Poi fà quello che vuoi ;-)

8 commenti:

Luca Massaro ha detto...

Salute carissima, deliziosa Minerva, salute.

Cawarfidae ha detto...

Bellissimo post, sempre però tenendo a mente che la meta della sbronza è la bronza stessa (altro che crociate)! ;)

Minerva ha detto...

@Luca: salute anche a te.
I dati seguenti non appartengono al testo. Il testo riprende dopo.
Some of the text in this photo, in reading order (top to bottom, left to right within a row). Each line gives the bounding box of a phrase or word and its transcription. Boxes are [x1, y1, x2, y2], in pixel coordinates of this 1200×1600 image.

Mi sto prendendo cura del mio corpo e della mia anima come non mai, ché ho una tal voglia di fare un sacco di cose in giro!!
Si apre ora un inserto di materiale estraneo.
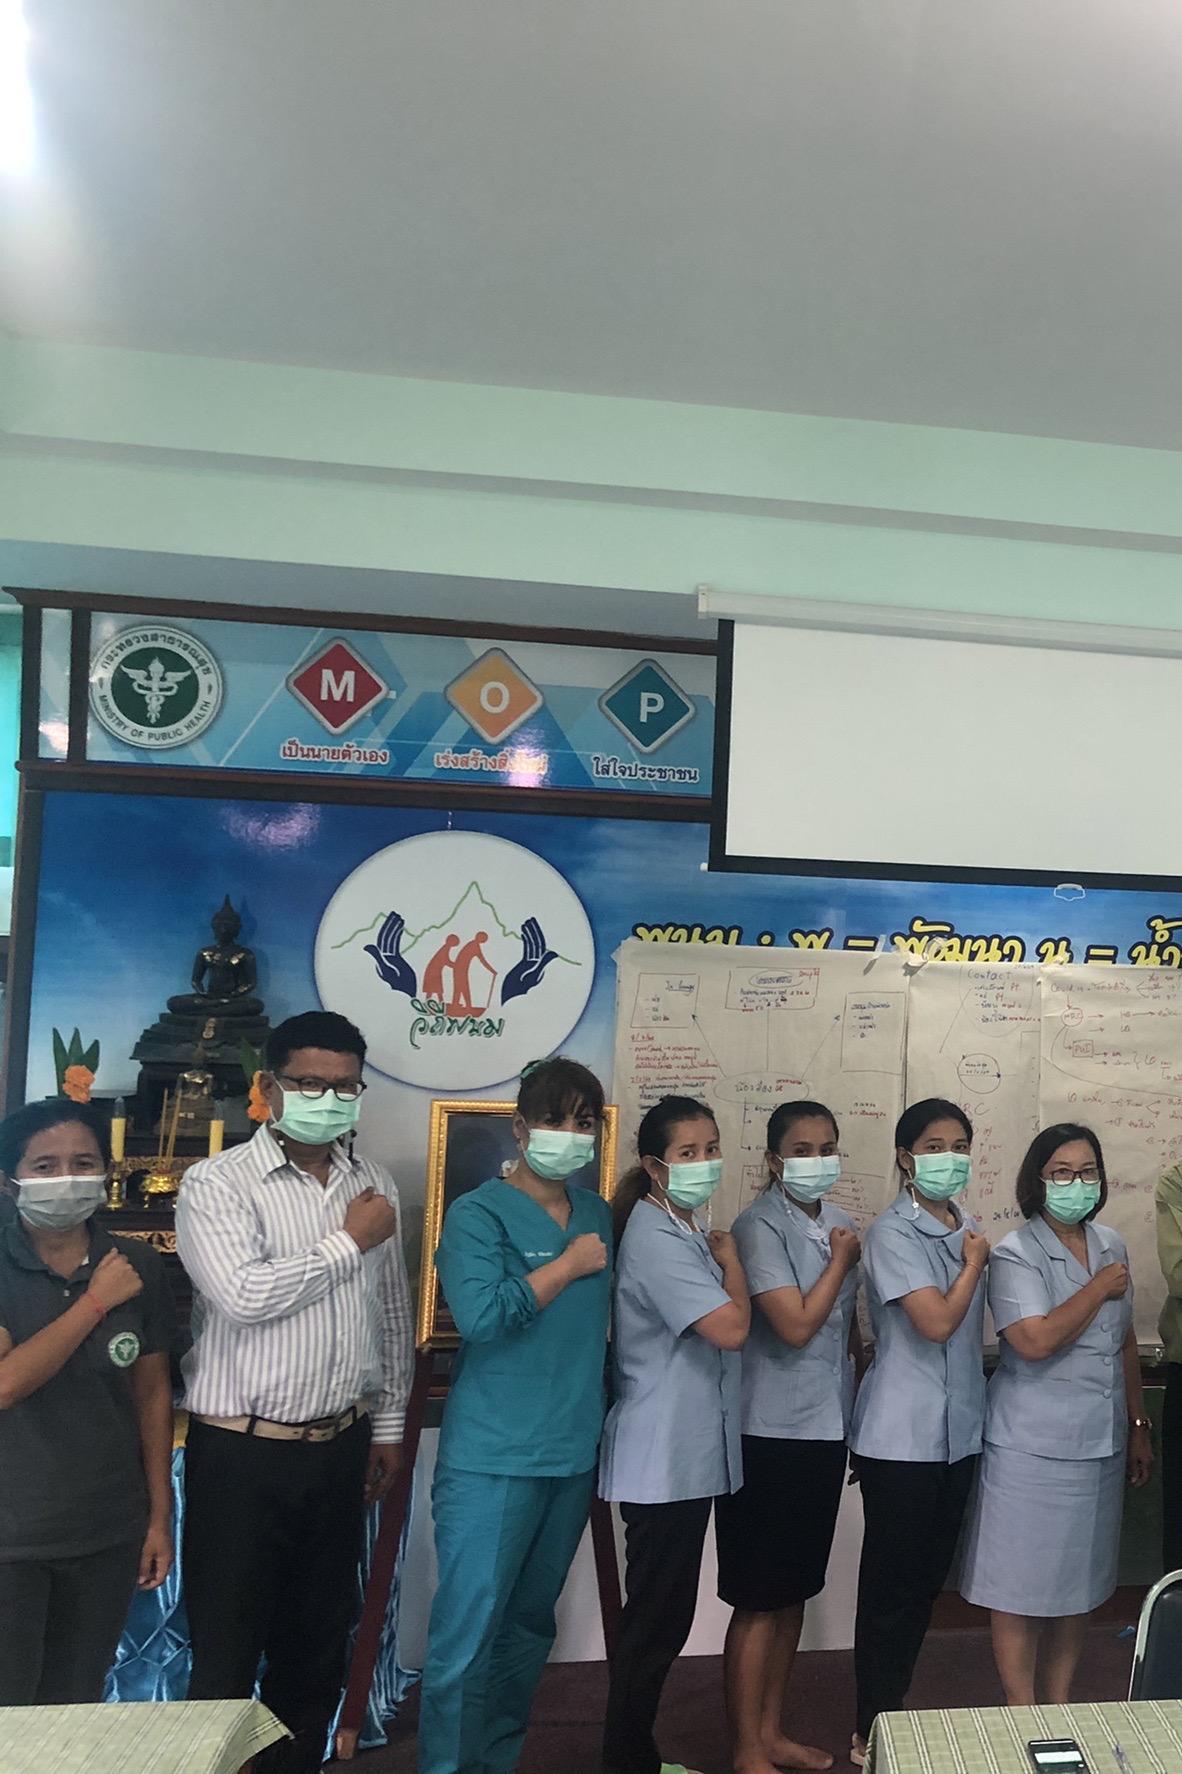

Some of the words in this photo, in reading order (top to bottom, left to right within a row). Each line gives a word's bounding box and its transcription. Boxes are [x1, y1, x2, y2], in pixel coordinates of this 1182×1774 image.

[320, 668, 355, 702] M
[480, 681, 510, 714] O
[99, 694, 129, 732] MINISTRY
[131, 728, 145, 738] OF
[147, 728, 184, 741] PUBLIC
[185, 700, 212, 731] HEALTH
[640, 692, 664, 722] P
[282, 739, 388, 763] เป็นนายตัวเอง
[593, 756, 698, 781] ใส่ใจประชาชน
[967, 968, 1013, 981] Contact
@Cawarfidae: nooooooooooo, niente sbronze - ti assicuro che sono già estrema assai senza bisogno d'alcuna alterazione esterna ;-)

Ernest ha detto...

si salute Minerva! e aggiungo che davvero bisogna viversela

Minerva ha detto...

Non fraintendetemi: è proprio solo un pezzo che m'è venuto così - en passant - stanotte, dopo una cena in cui, col mio commensale, si discuteva di epitaffi con i quali avremmo voluto essere ricordati un giorno dai viventi, e mi veniva riportato che esiste un libro che raccoglie quelli più assurdi, tipo "te l'avevo detto che non mi sentivo bene" :-D

Marisa ha detto...

Brava Minerva!!!
Se solo tutti riuscissimo ad apprezzare il vero valore della vita miglioreremmo di gran lunga la sua qualità e vivremmo in un mondo vero e non solo di sogni.

Mauro ha detto...

io avrei tradotto con 'una donna deliziosa da bere'

FrammentAria ha detto...

sei una donna con cui berrei analcolici, così che la compagnia si prolunghi unghi ghi i! (altrimenti dopo il primo bicchierino potrei solo assaporare il piacere di un'acuta profonda e pesante dormita:)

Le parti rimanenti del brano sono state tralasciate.